Barry Bonds (San Francisco) lucha tanto porque su equipo gane como por la marca individual más famosa en el béisbol.

Bonds al abordaje

Ante los Astros y en el Enron Field Edgard Tijerino M. [email protected] El poder de atracción del jonrón no puede medirse. Escapa a algo tan trivial como eso para convertirse en lo más espectacular que podamos imaginar. Uno se levanta un día como hoy y ve a Barry Bonds caminando sobre el arco iris rumbo […]

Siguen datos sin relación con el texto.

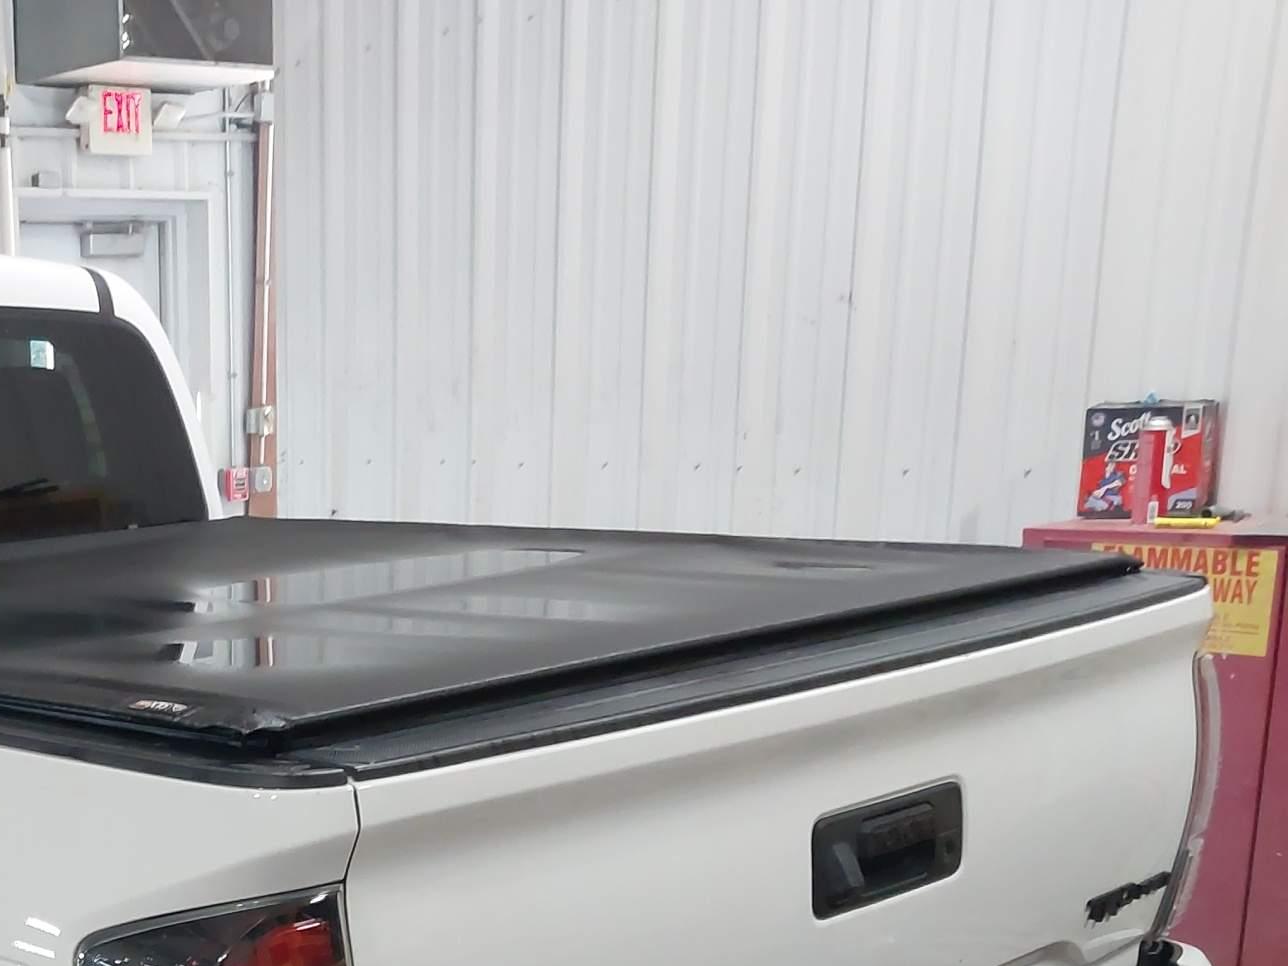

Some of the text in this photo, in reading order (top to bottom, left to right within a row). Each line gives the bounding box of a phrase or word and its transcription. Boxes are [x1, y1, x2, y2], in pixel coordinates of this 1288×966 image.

[101, 91, 142, 135] EXIT
[1103, 545, 1261, 578] AMMABLE
[1213, 578, 1258, 605] WAY
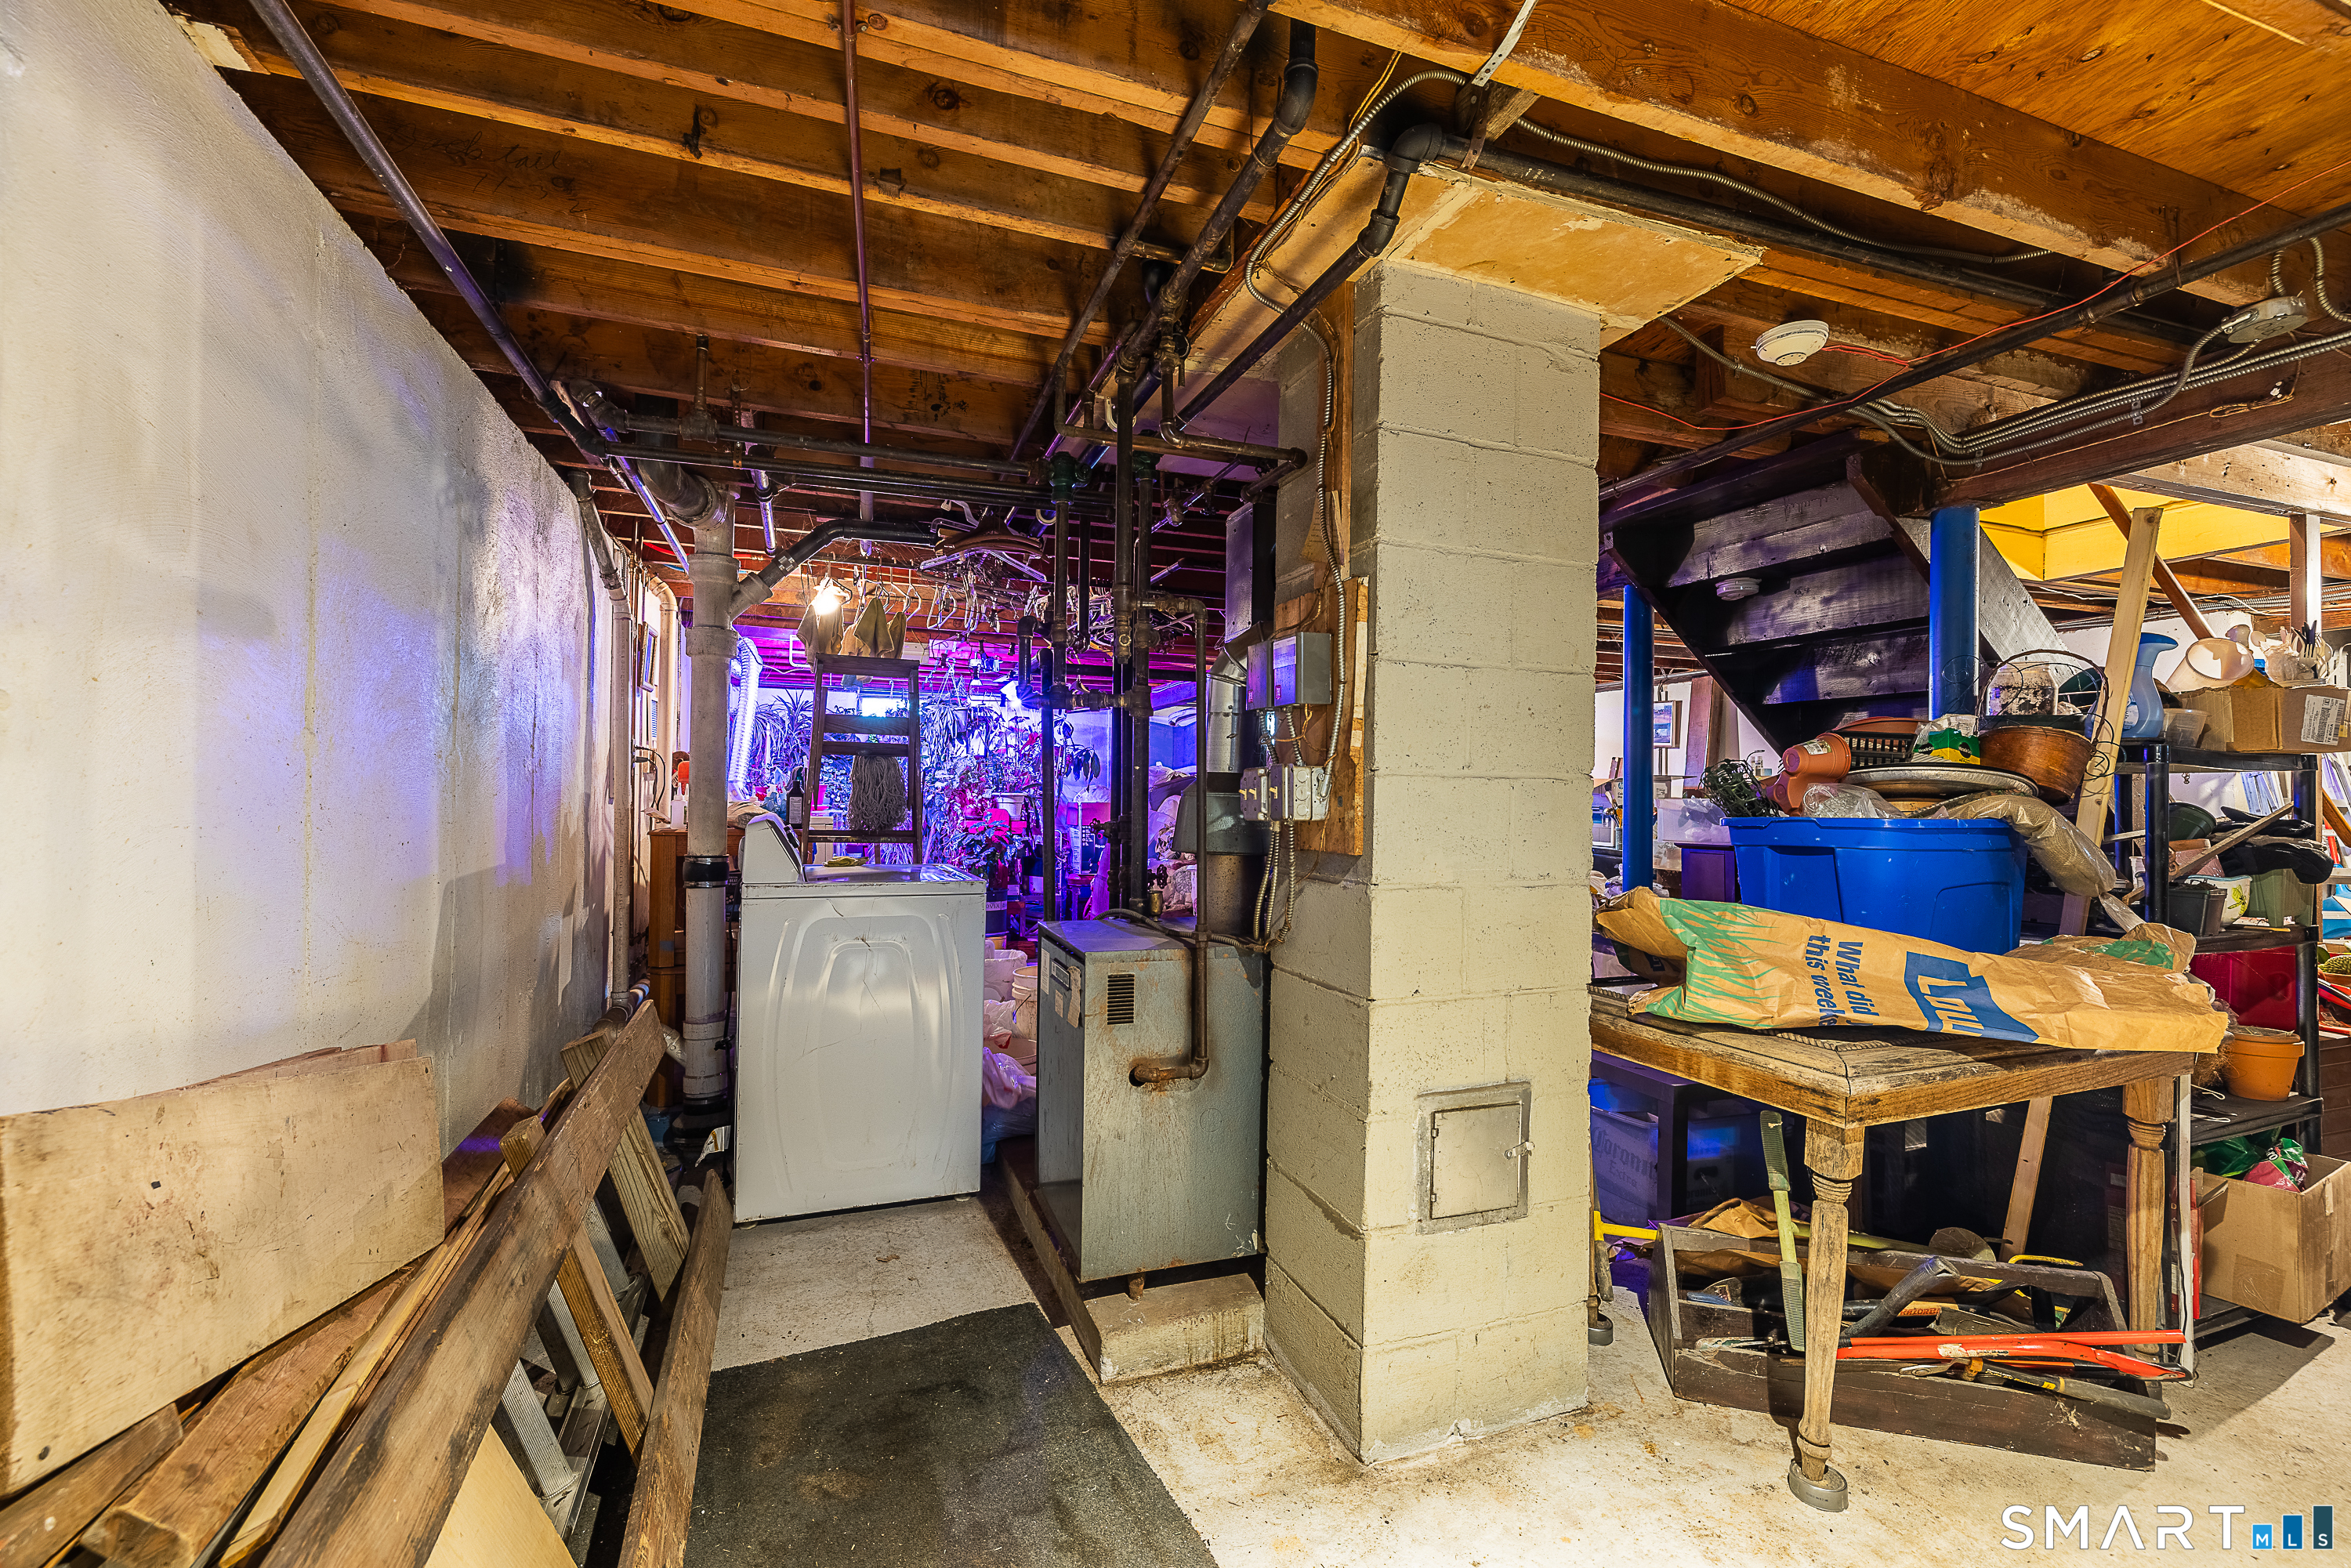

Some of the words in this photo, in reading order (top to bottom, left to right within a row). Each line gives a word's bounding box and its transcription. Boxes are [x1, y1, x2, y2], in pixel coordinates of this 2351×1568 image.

  • Ante los Astros y en el Enron Field

Edgard Tijerino M. [email protected]

El poder de atracción del jonrón no puede medirse. Escapa a algo tan trivial como eso para convertirse en lo más espectacular que podamos imaginar. Uno se levanta un día como hoy y ve a Barry Bonds caminando sobre el arco iris rumbo al cajón de bateo para enfrentar al pitcher de Houston Shane Reynolds.

Desde el sábado, cuando Barry descargó su jonrón 69, el récord de 70 establecido por McGwire está en jaque y naturalmente, pese a que el interés y el apasionamiento no es comparable con la batalla Sammy Sosa-Big Mac del 98, todas las miradas del béisbol son para el artillero número 3 en el line-up de los Gigantes.

El nuevo Enron Field de Houston, es un parque favorable para los tumba-cercas, y Bonds lo sabe muy bien. El espera que esta noche, Reynolds se atreva a pitchearle y no quedar reducido a ver sólo un lanzamiento en la zona de strike como ocurrió el domingo cuando recibió dos bases y fue golpeado. Mañana enfrentará ese gran prospecto de la colina que es Roy Oswalt, ganador de 14 juegos.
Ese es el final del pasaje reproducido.